Elon Trashes Trump's Bill! Breaking Down the Best 2024 Election Insights Yet (with Michael Cohen)

Tell us how you really feel, Musk

Elon Musk set off a grenade in conservative circles this week, trashing the one big, beautiful bill Trump has staked so much on. He didn’t just throw shade — he called it a “disgusting abomination,” backed Rand Paul’s $5 trillion deficit claim, and waved the American flag emoji as punctuation. This wasn’t a random tweet. This was Musk choosing to detonate right as Speaker Mike Johnson is working the Senate hard to shepherd this bill into law.
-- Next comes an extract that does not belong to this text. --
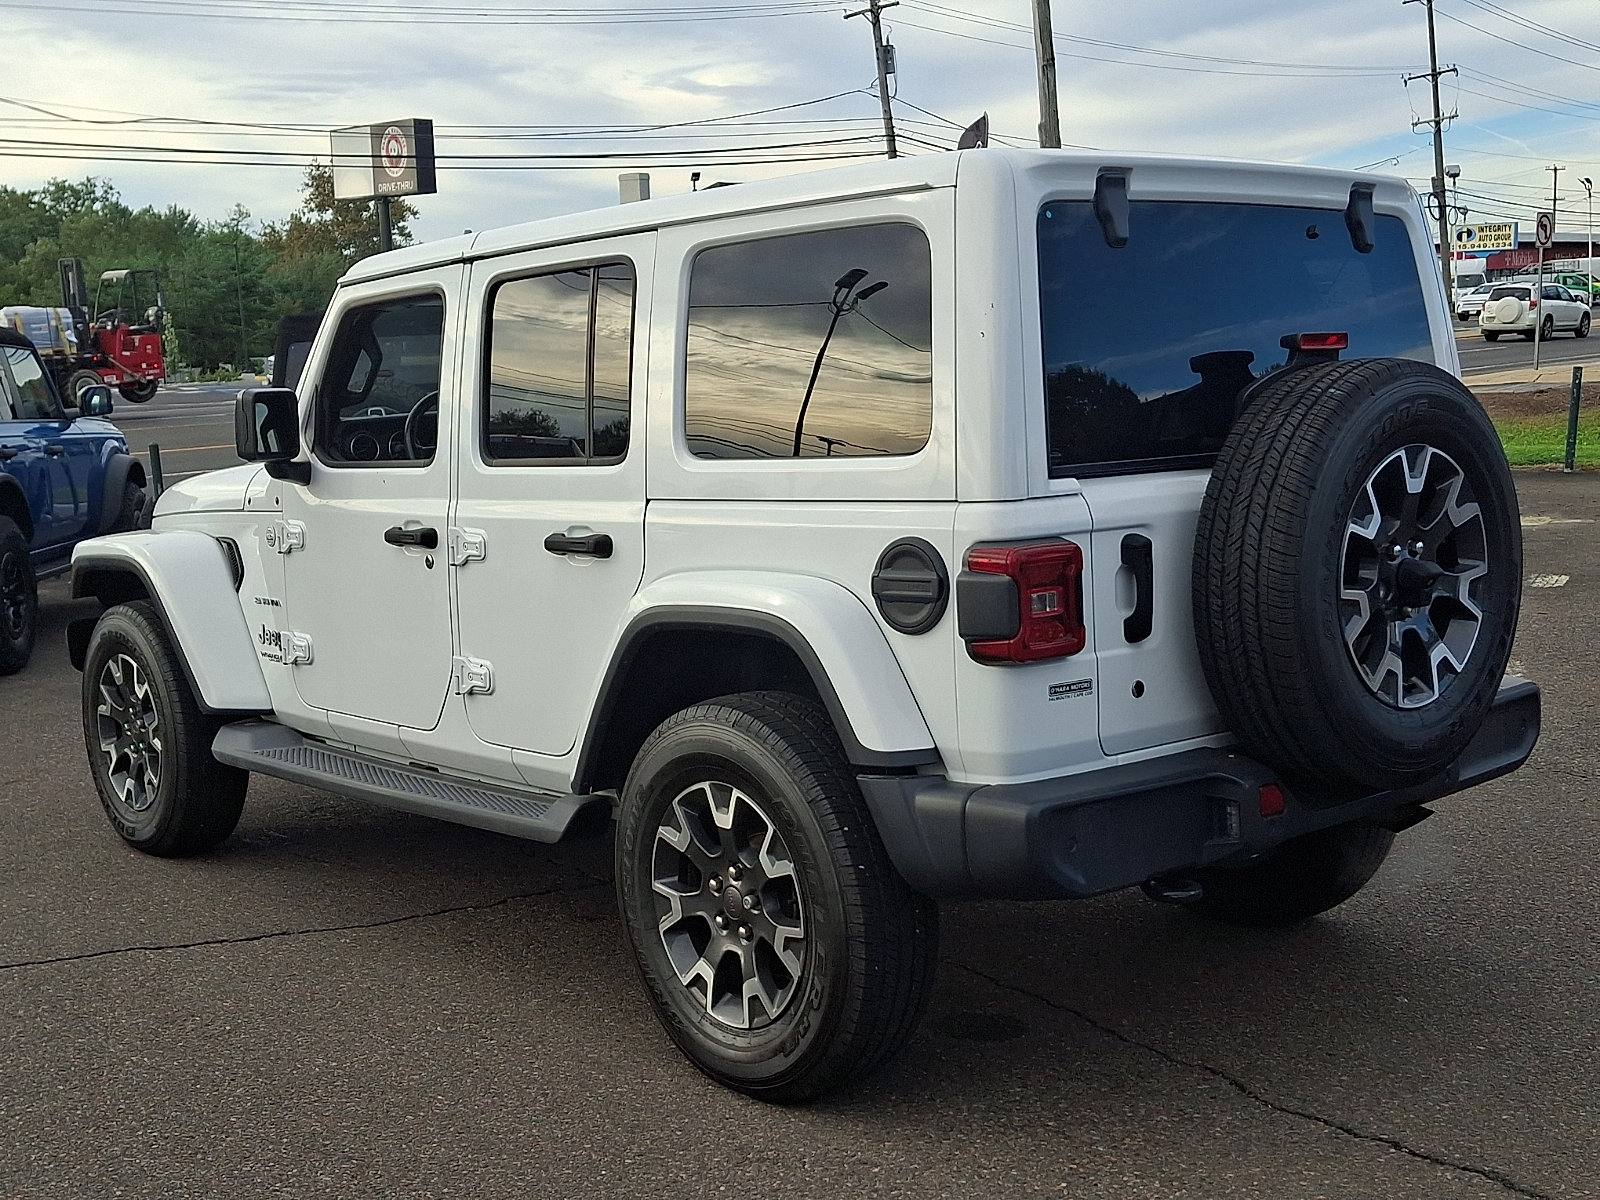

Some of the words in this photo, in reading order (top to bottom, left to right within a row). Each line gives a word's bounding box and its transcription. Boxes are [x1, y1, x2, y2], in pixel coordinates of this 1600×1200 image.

[378, 181, 414, 193] DRIVE-THRU
[1477, 224, 1512, 233] INTEGRITY
[1478, 234, 1493, 242] AUTO
[1493, 233, 1512, 242] GROUP
Johnson, for his part, did respond, claiming he had a 20-minute phone call with Musk where the topic never came up. But c’mon — that silence says a lot. Either Johnson’s not telling the whole story, or Musk baited him. Neither looks great.
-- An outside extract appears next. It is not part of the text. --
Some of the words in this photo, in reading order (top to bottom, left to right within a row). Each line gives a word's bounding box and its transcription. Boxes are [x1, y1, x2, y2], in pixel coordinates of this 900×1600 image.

The timing is brutal. Musk has been a reliable MAGA ally — hosting DeSantis’s launch, reshaping Twitter into a free speech battleground, becoming a key donor and message amplifier. When he turns on your signature policy, it signals open season. And it’s not just personal. Elon hates the EV credit phase-outs in the bill. He’s furious about the AI regulatory overrides that strip individual from states like California. And his businesses, from SpaceX to Starlink, all have reasons to be wary of the bill’s broader tech oversight. So what looked like a united conservative front just fractured — and it fractured loudly. This is the part of the process where fights get public. And loud. And weird.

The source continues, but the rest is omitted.